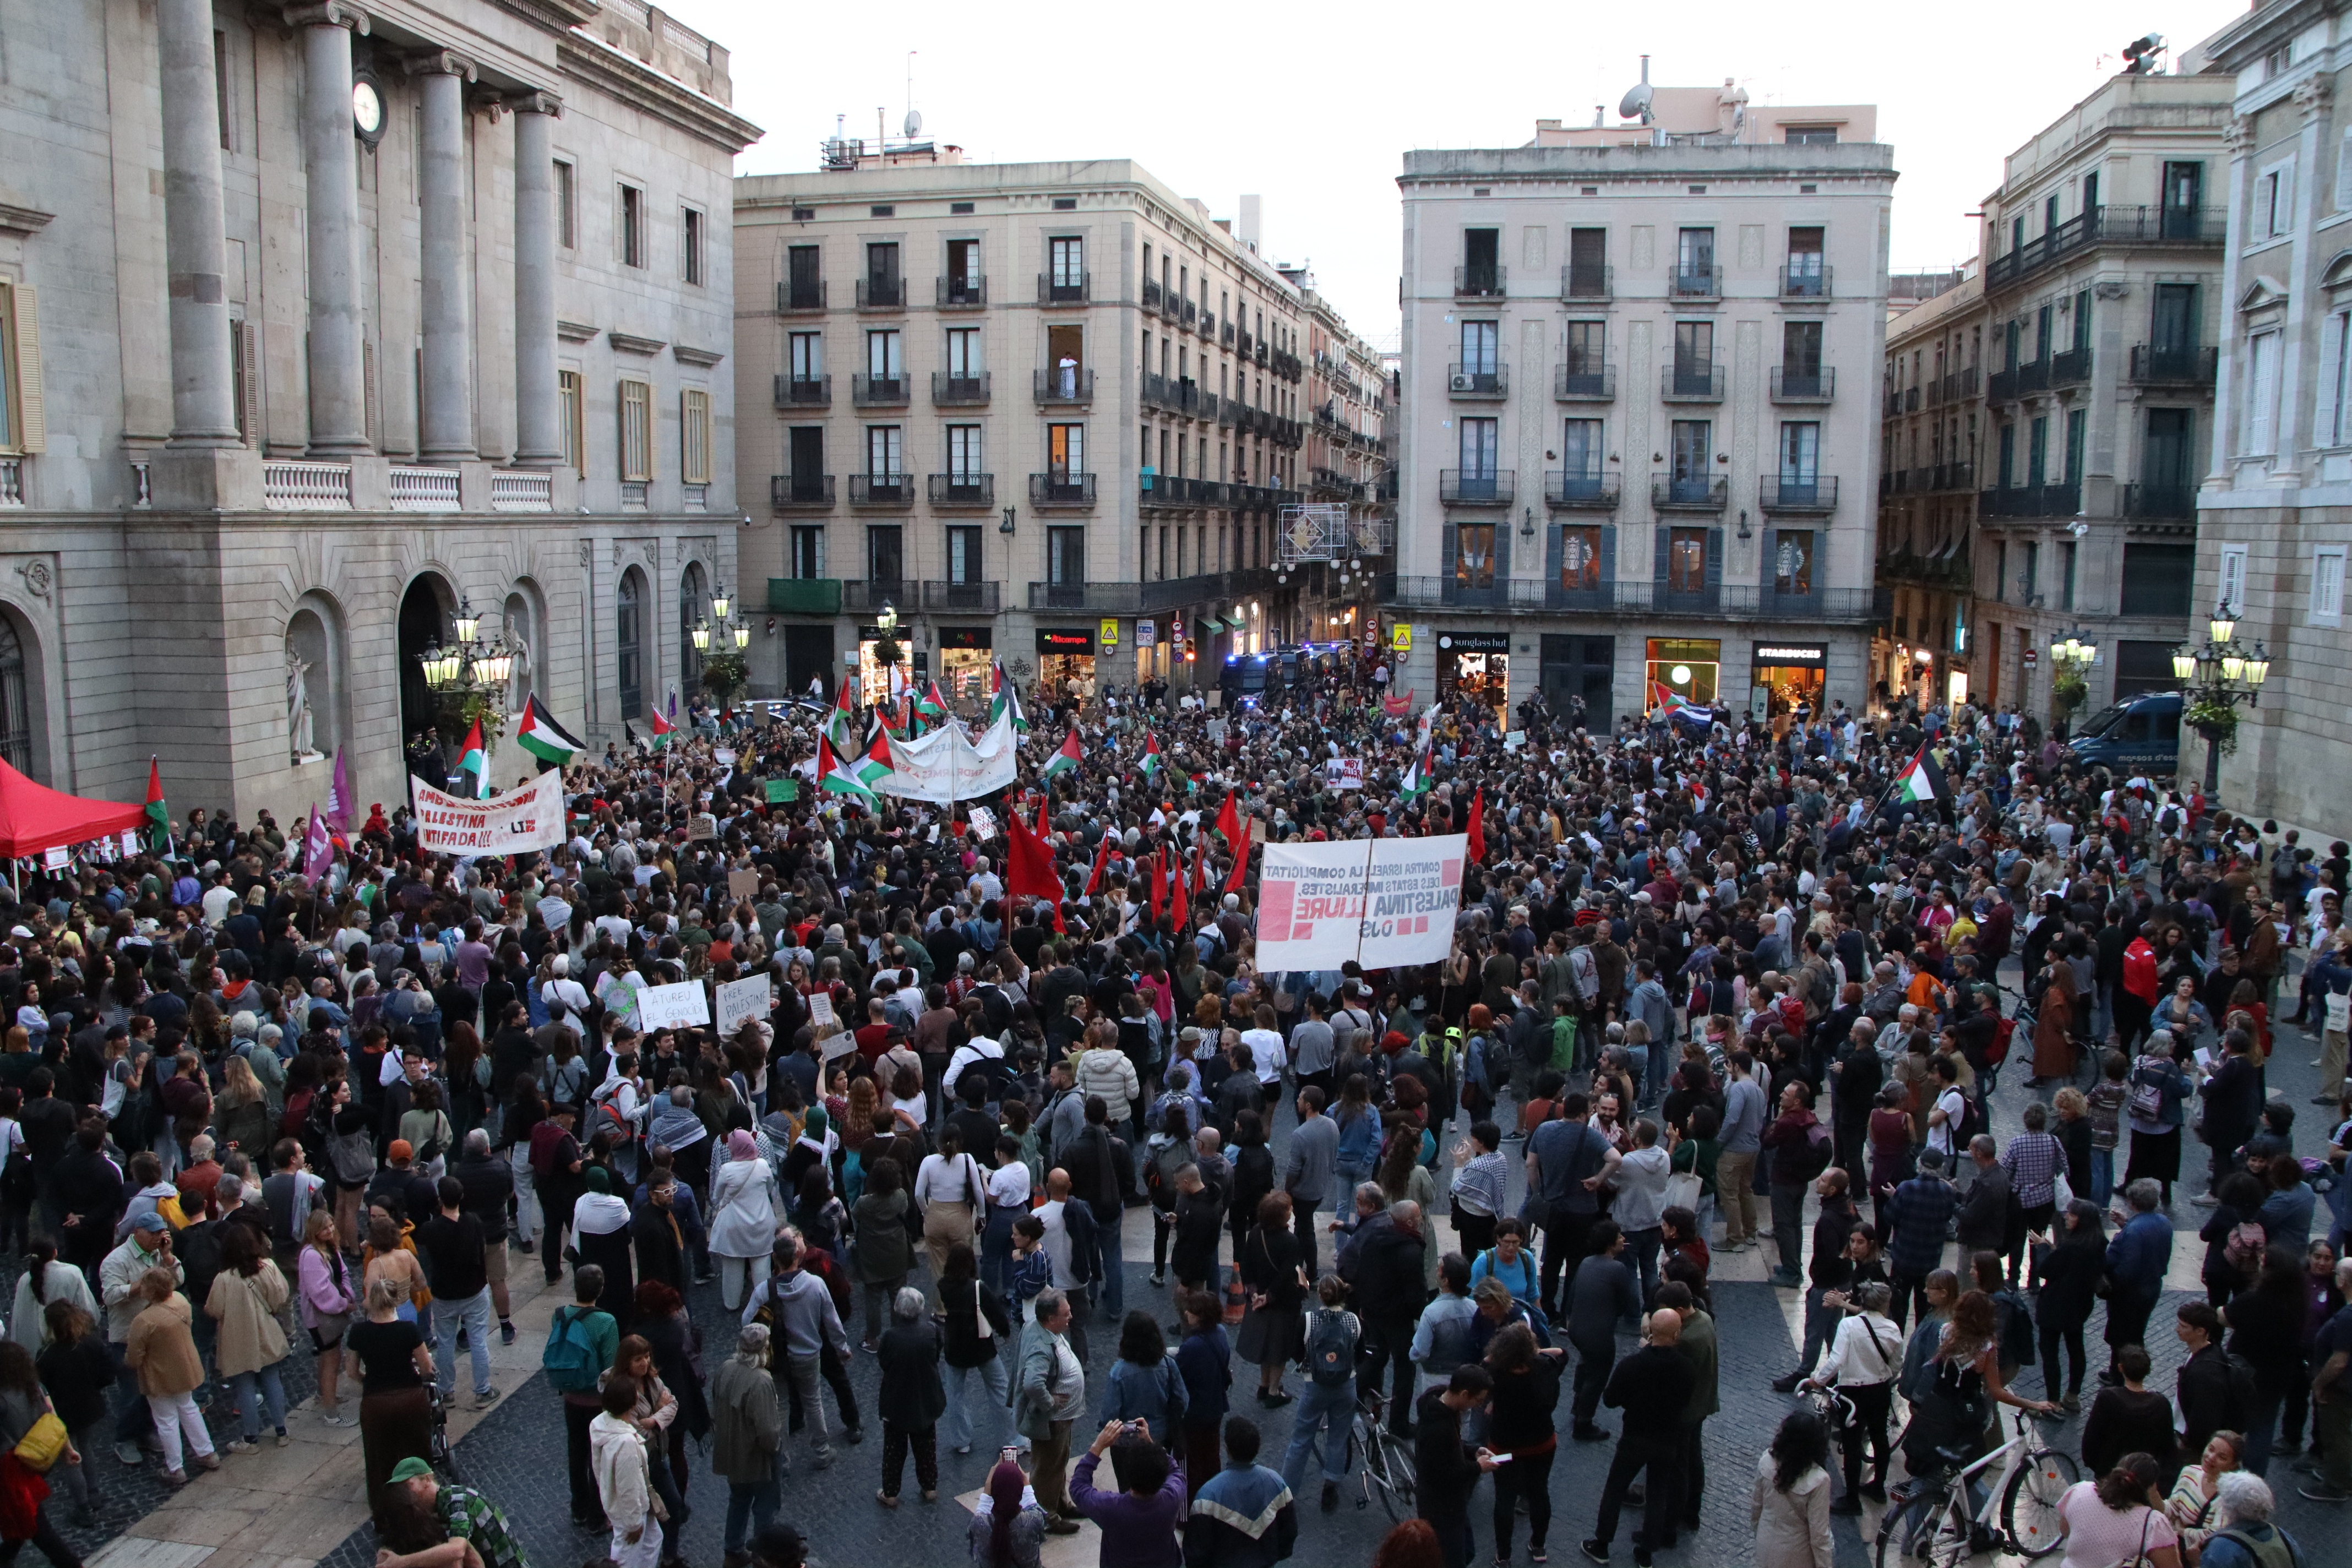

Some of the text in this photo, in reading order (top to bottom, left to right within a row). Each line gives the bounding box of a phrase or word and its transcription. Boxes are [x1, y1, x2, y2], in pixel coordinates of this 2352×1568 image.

[1454, 638, 1506, 649] sunglass hut
[1758, 648, 1821, 658] STARBUCKS
[1344, 760, 1359, 769] BABY
[1342, 769, 1362, 781] KILLER
[651, 990, 691, 1006] ATUREU
[723, 986, 743, 1002] FREE
[726, 990, 767, 1019] PALESTINE
[646, 1012, 659, 1022] EL
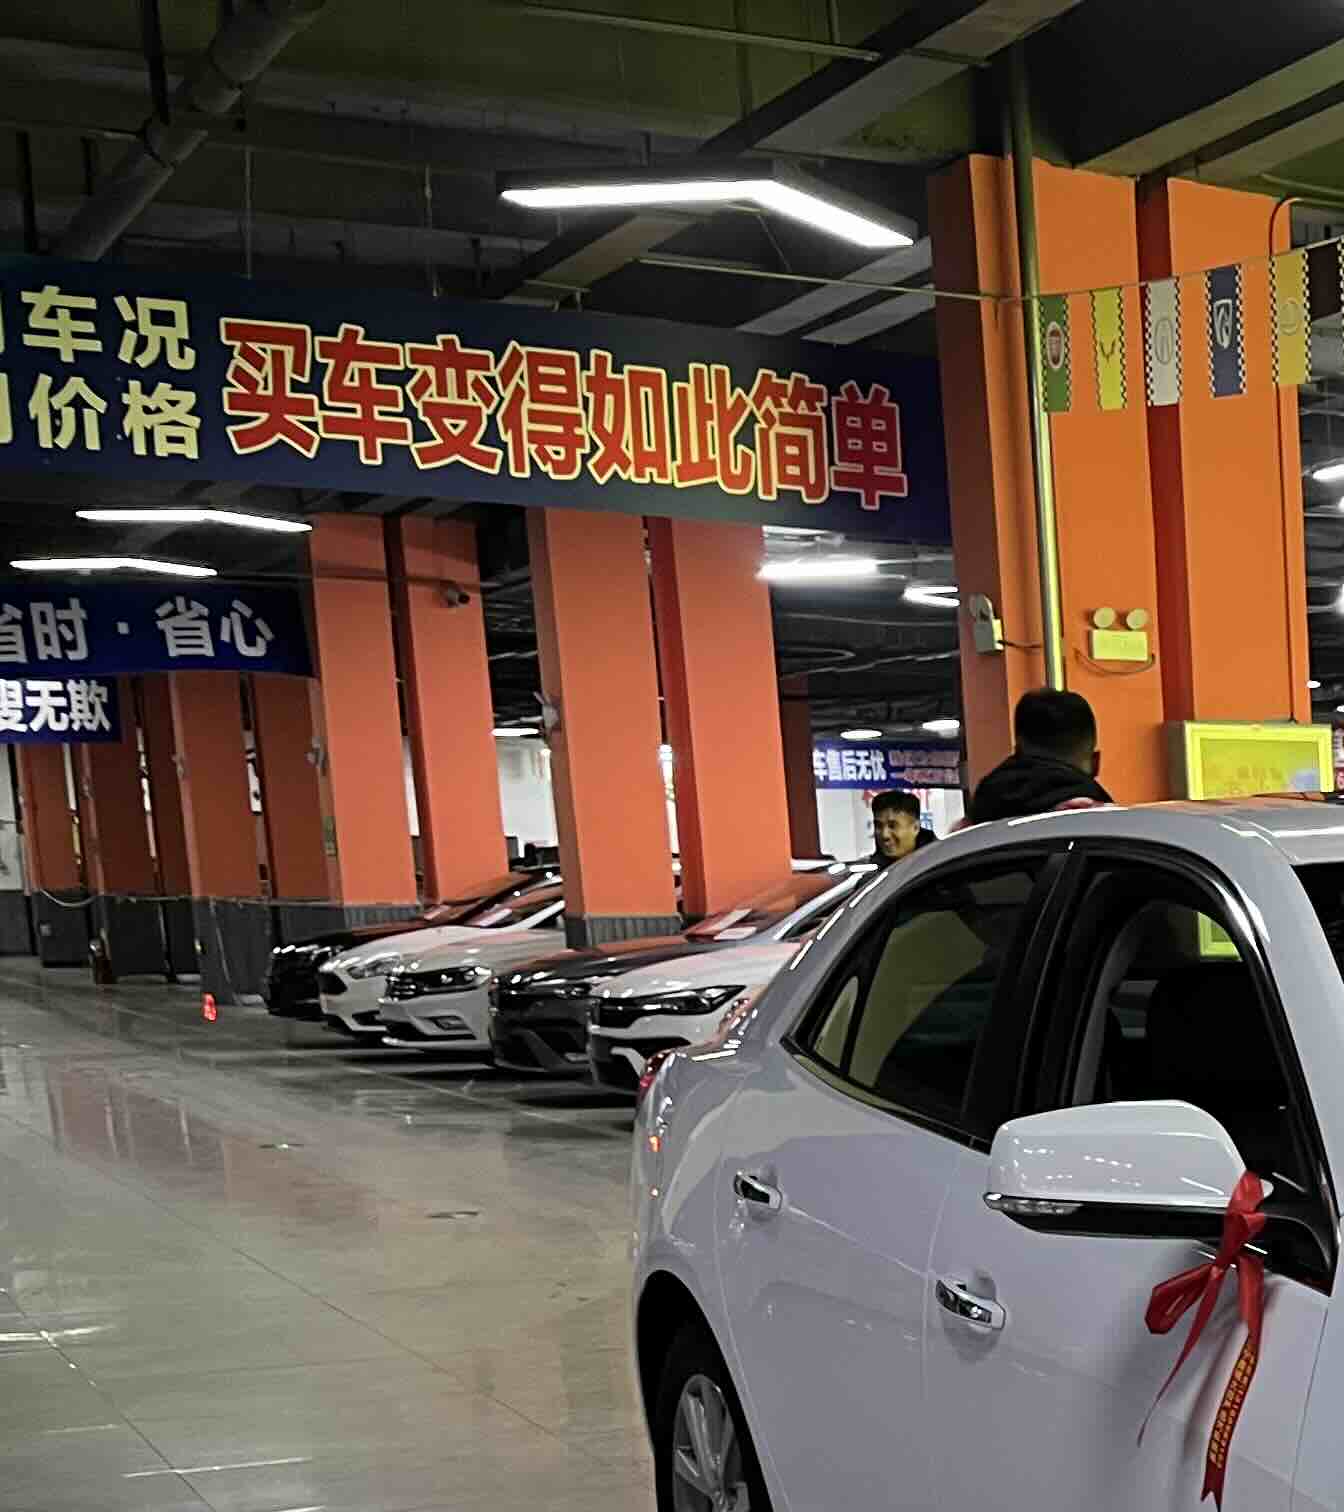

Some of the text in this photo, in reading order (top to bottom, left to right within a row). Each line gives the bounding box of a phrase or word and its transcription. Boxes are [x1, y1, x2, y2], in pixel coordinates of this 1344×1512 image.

[0, 285, 196, 370] 车况
[0, 372, 202, 459] 价格
[219, 317, 909, 511] 买车变得如此简单

------------------------------------

**WORK TO COMPLETE:** Please copy exactly, and only, the lines running from the one containing "this 1344×1512 image." through the end of the listing.

**RESULT OF THE TASK:**
Some of the text in this photo, in reading order (top to bottom, left to right within a row). Each line gives the bounding box of a phrase or word and its transcription. Boxes are [x1, y1, x2, y2], in pixel coordinates of this 1344×1512 image.

[0, 285, 196, 370] 车况
[0, 372, 202, 459] 价格
[219, 317, 909, 511] 买车变得如此简单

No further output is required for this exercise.